The lines from the one with "this 1520×1140 image." through the last line below are to be copied exactly; no other lines are to be returned.

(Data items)
***
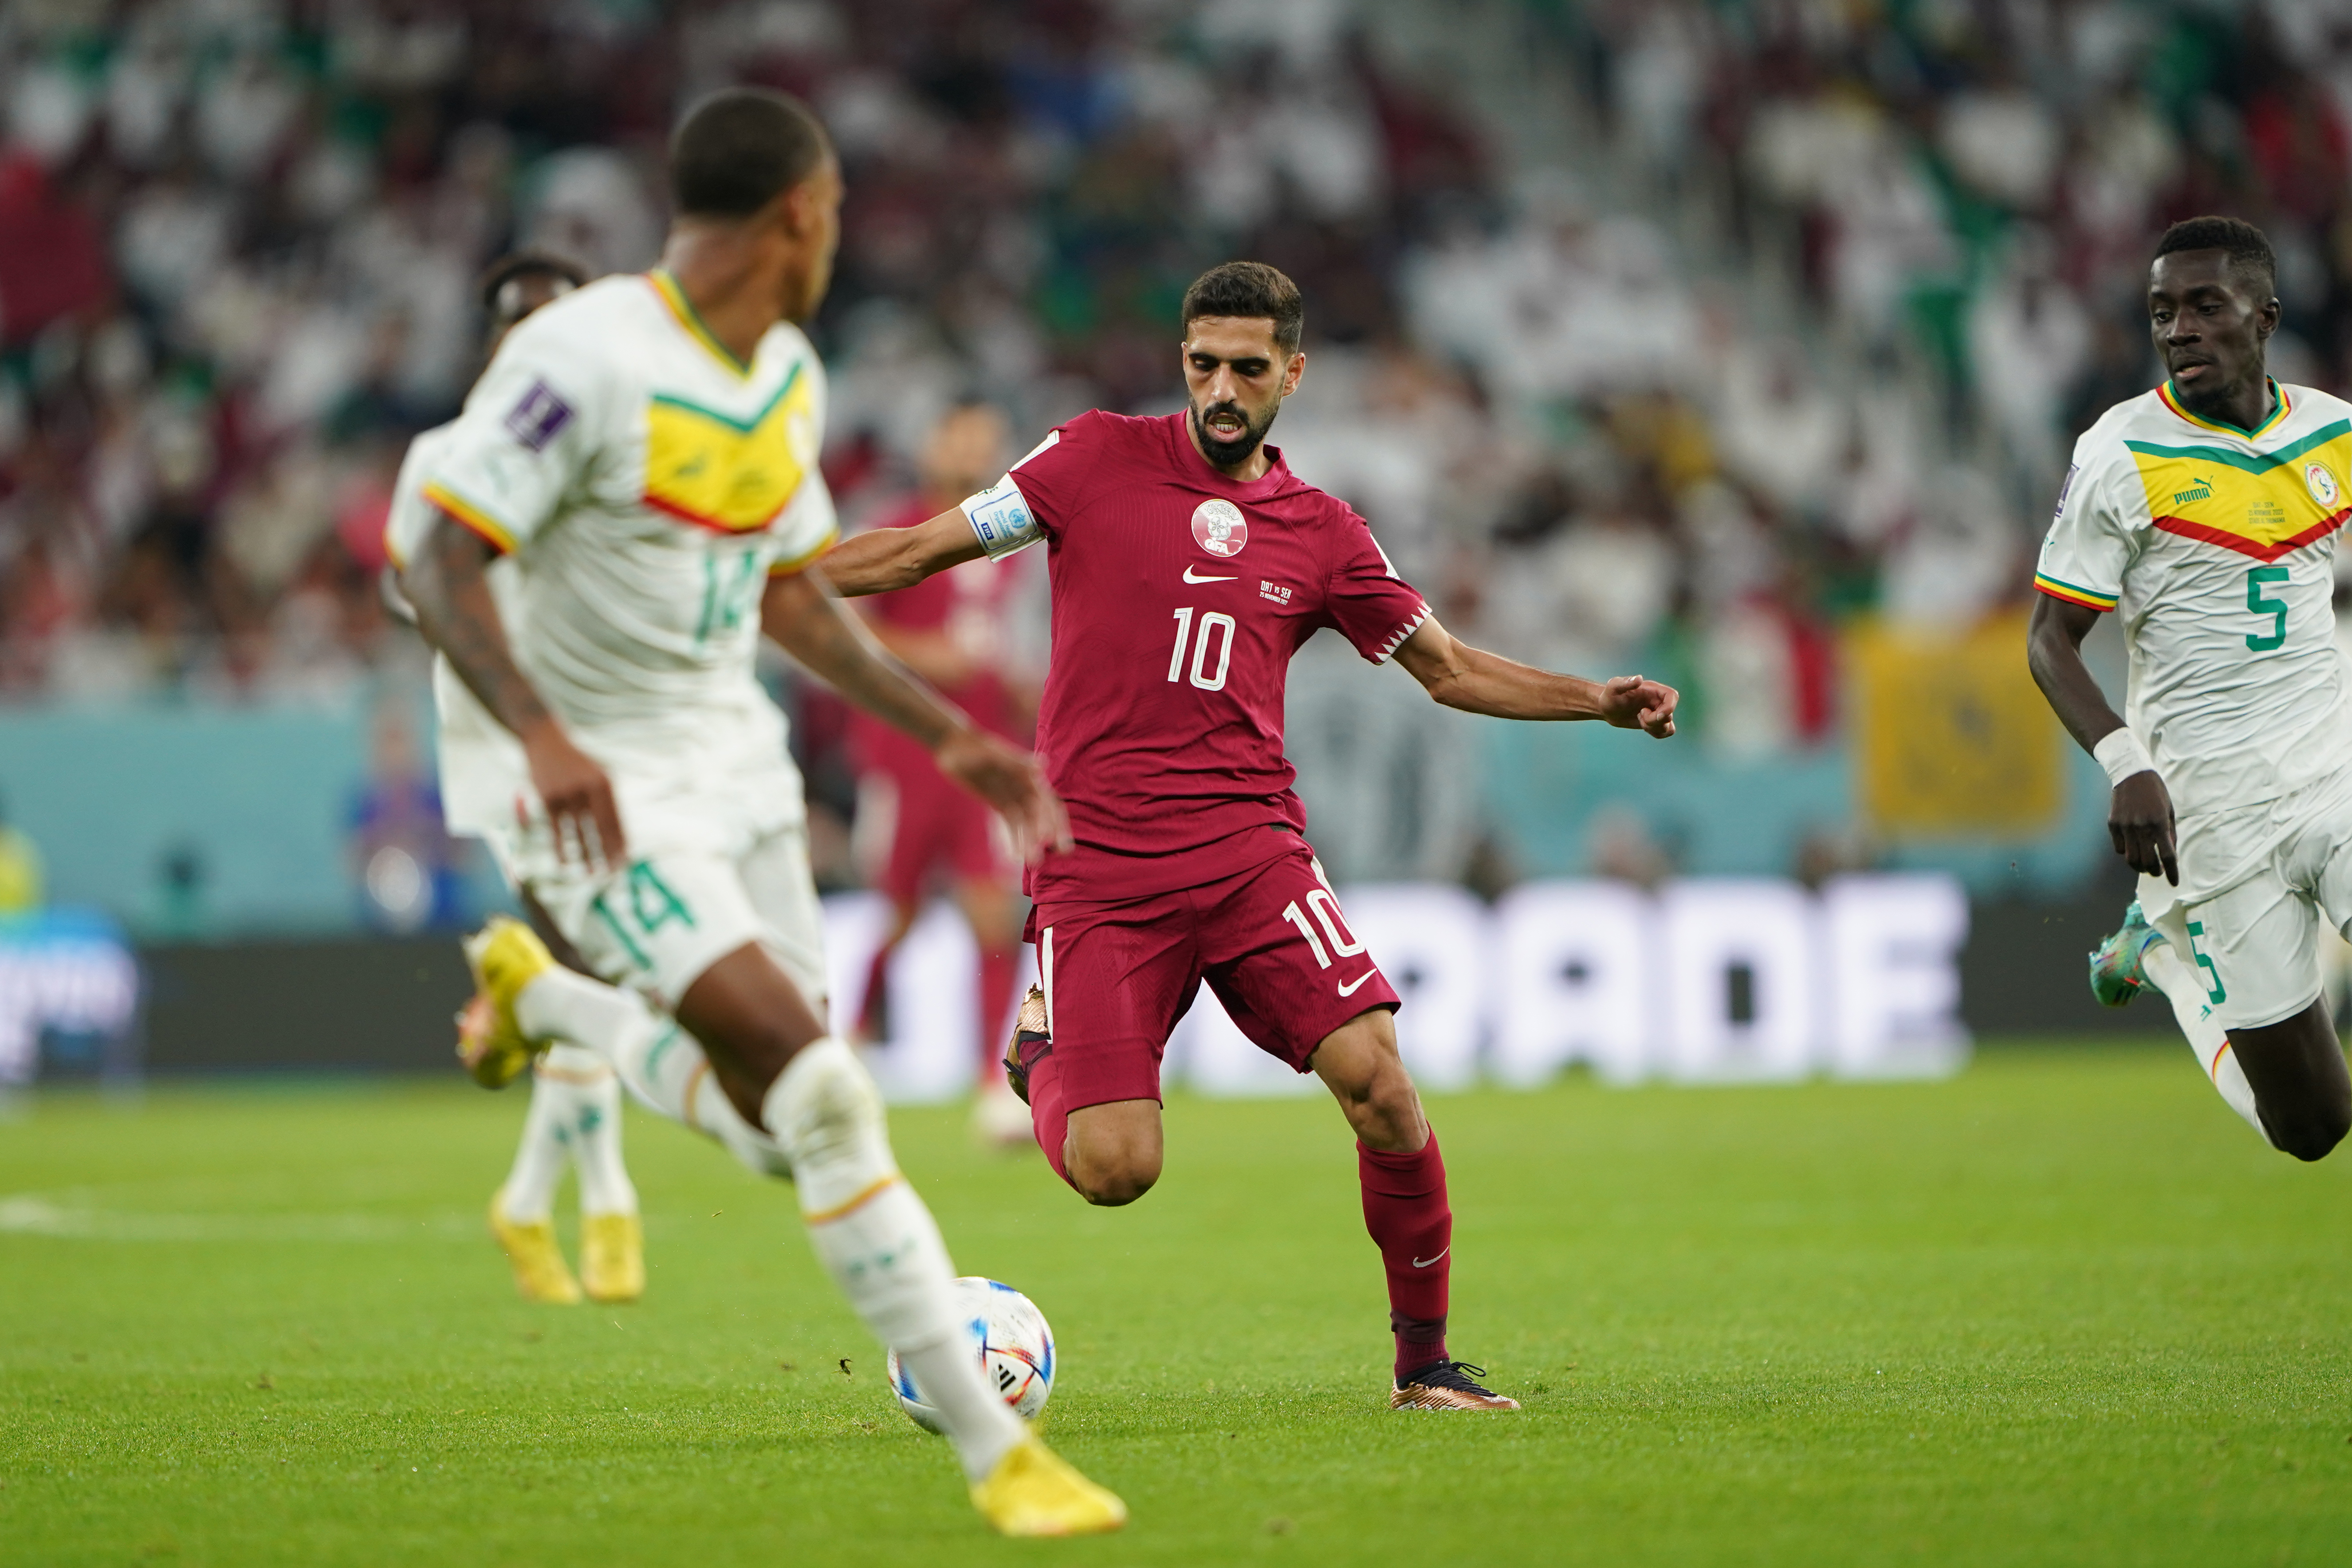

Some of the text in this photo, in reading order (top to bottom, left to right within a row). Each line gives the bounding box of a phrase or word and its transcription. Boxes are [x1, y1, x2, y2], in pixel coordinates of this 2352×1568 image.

[982, 524, 993, 539] FIFA
[999, 509, 1007, 523] World
[2174, 488, 2210, 505] PUMA
[1204, 538, 1229, 554] QFA
[693, 548, 759, 648] 14
[1261, 580, 1273, 593] QAT
[1280, 587, 1292, 599] SEN
[2246, 567, 2289, 652] 5
[1168, 607, 1235, 691] 10
[589, 860, 695, 972] 14
[1282, 889, 1365, 970] 10
[2186, 921, 2226, 1005] 5
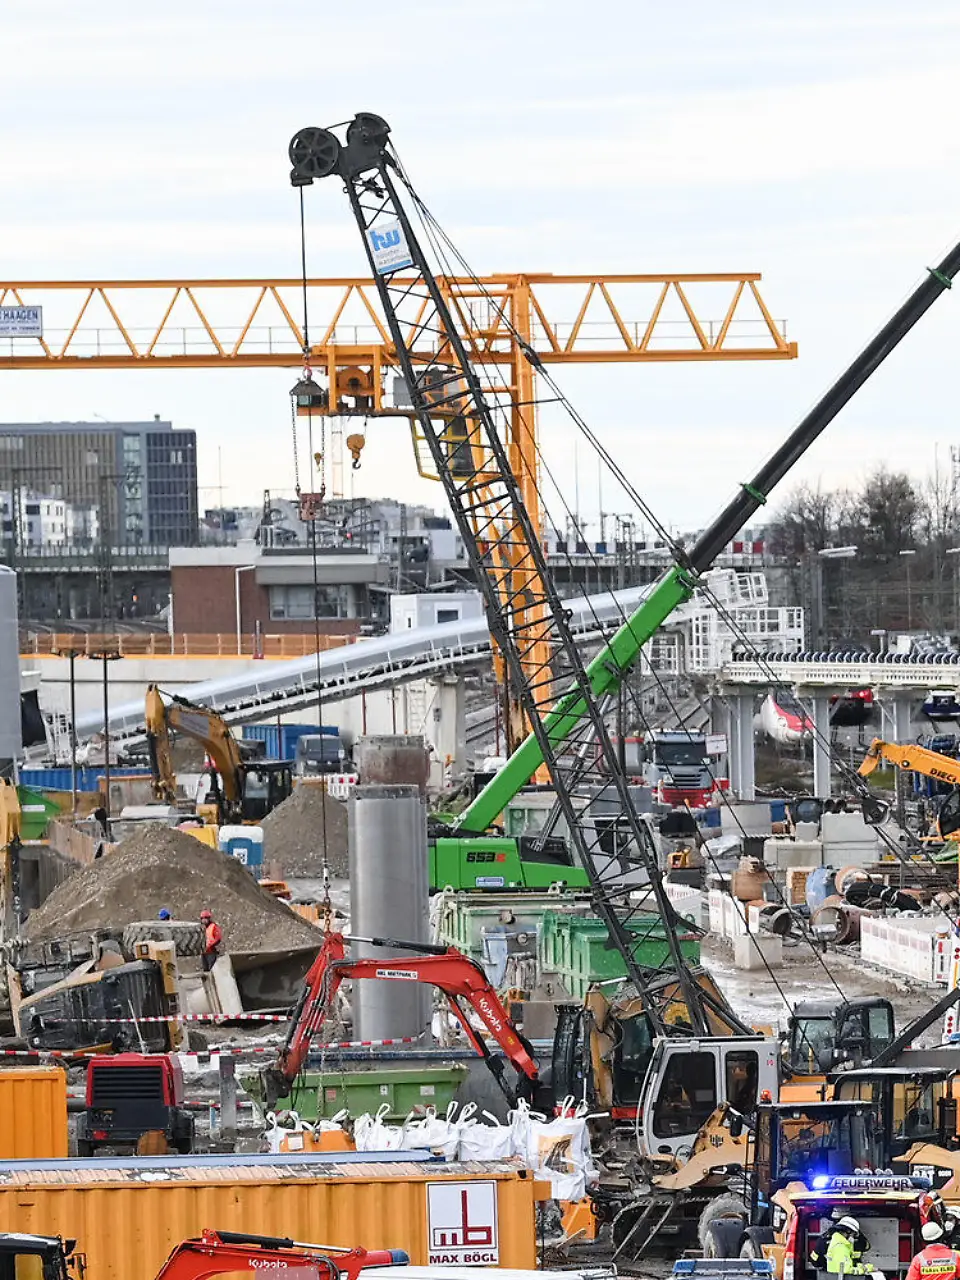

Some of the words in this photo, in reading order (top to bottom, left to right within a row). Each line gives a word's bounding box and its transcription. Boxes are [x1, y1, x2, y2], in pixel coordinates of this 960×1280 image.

[929, 767, 958, 782] DIECI
[479, 997, 503, 1032] Kubota
[833, 1178, 910, 1189] FEUERWEHR
[249, 1259, 289, 1268] Kubota
[429, 1254, 459, 1264] MAX
[464, 1251, 498, 1263] BÖGL
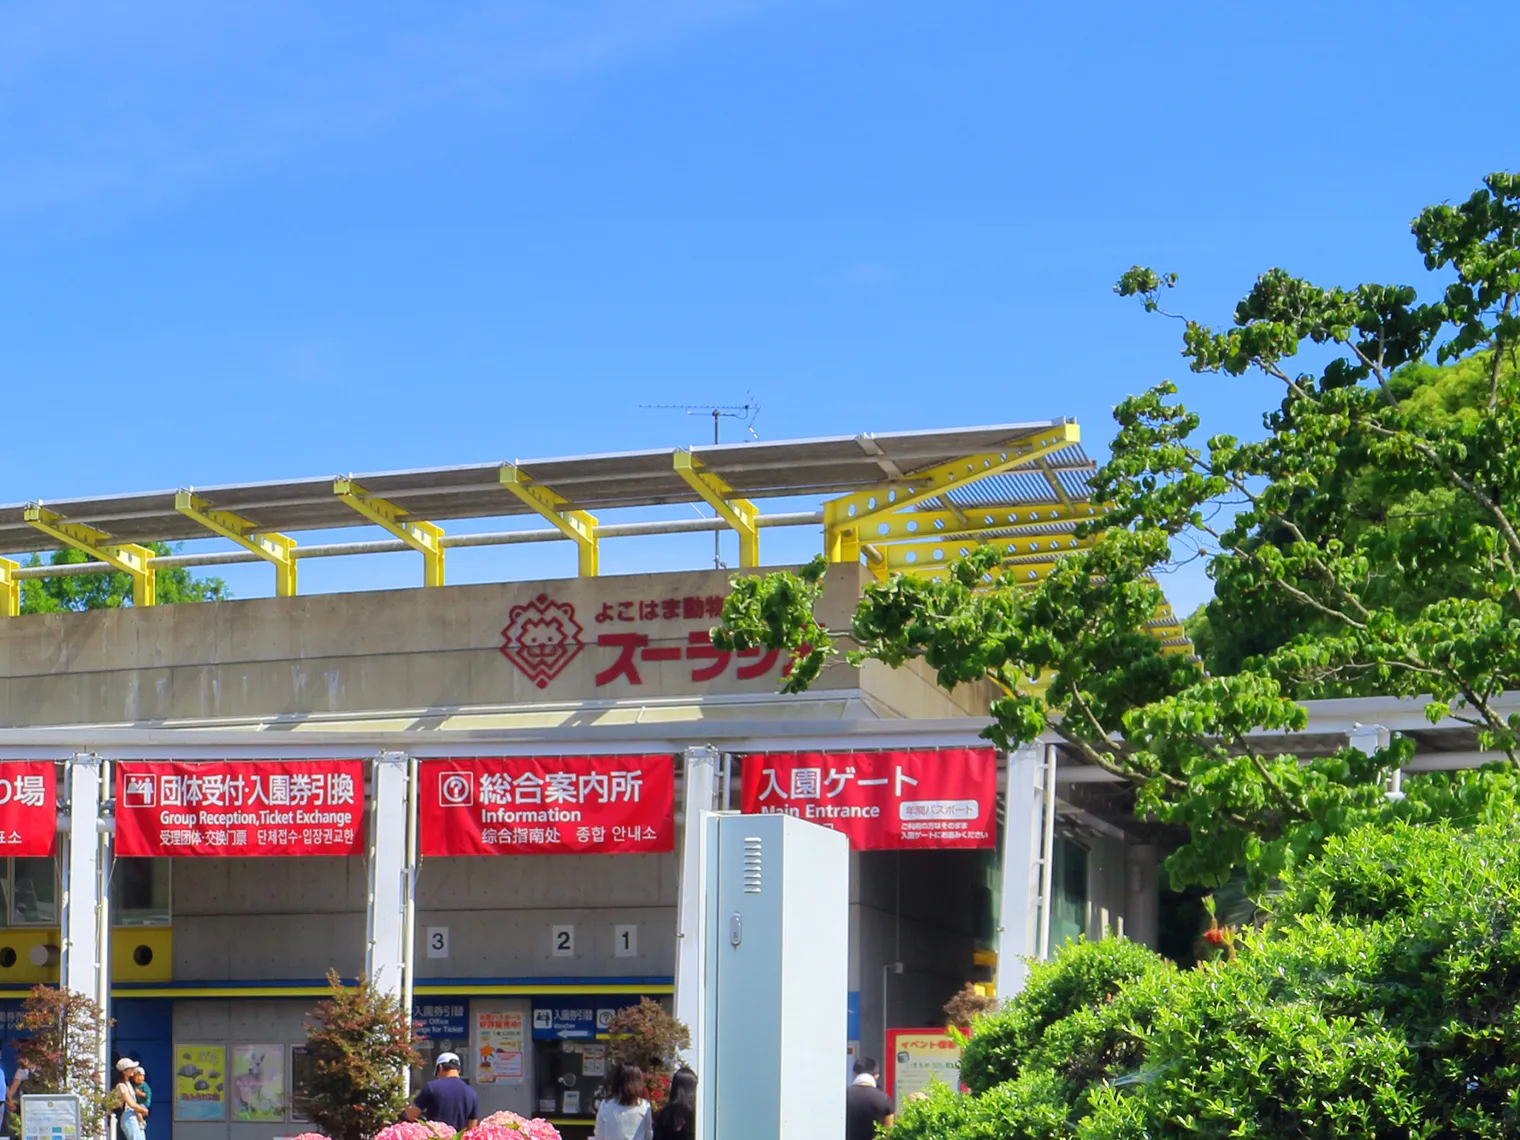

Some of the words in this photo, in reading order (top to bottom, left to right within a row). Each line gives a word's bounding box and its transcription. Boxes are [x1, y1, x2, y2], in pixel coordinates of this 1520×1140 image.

[595, 595, 724, 623] よこはま動物
[160, 773, 355, 806] 団体受付・入園券引換
[479, 770, 643, 805] 総合案内所
[759, 766, 918, 801] 入園ゲート
[160, 810, 197, 827] Group
[296, 810, 352, 827] Exchange
[481, 807, 582, 823] Information
[805, 804, 881, 818] Entrance
[481, 828, 561, 845] 综合指南处
[576, 826, 606, 842] 종합
[612, 825, 657, 842] 안내소
[432, 933, 445, 950] 3
[557, 931, 571, 950] 2
[622, 931, 629, 950] 1
***
- [Reply]:
Some of the words in this photo, in reading order (top to bottom, left to right within a row). Each line gives a word's bounding box and its transcription. Boxes are [x1, y1, x2, y2], in pixel coordinates of this 1520×1140 image.

[595, 595, 724, 623] よこはま動物
[160, 773, 355, 806] 団体受付・入園券引換
[479, 770, 643, 805] 総合案内所
[759, 766, 918, 801] 入園ゲート
[160, 810, 197, 827] Group
[296, 810, 352, 827] Exchange
[481, 807, 582, 823] Information
[805, 804, 881, 818] Entrance
[481, 828, 561, 845] 综合指南处
[576, 826, 606, 842] 종합
[612, 825, 657, 842] 안내소
[432, 933, 445, 950] 3
[557, 931, 571, 950] 2
[622, 931, 629, 950] 1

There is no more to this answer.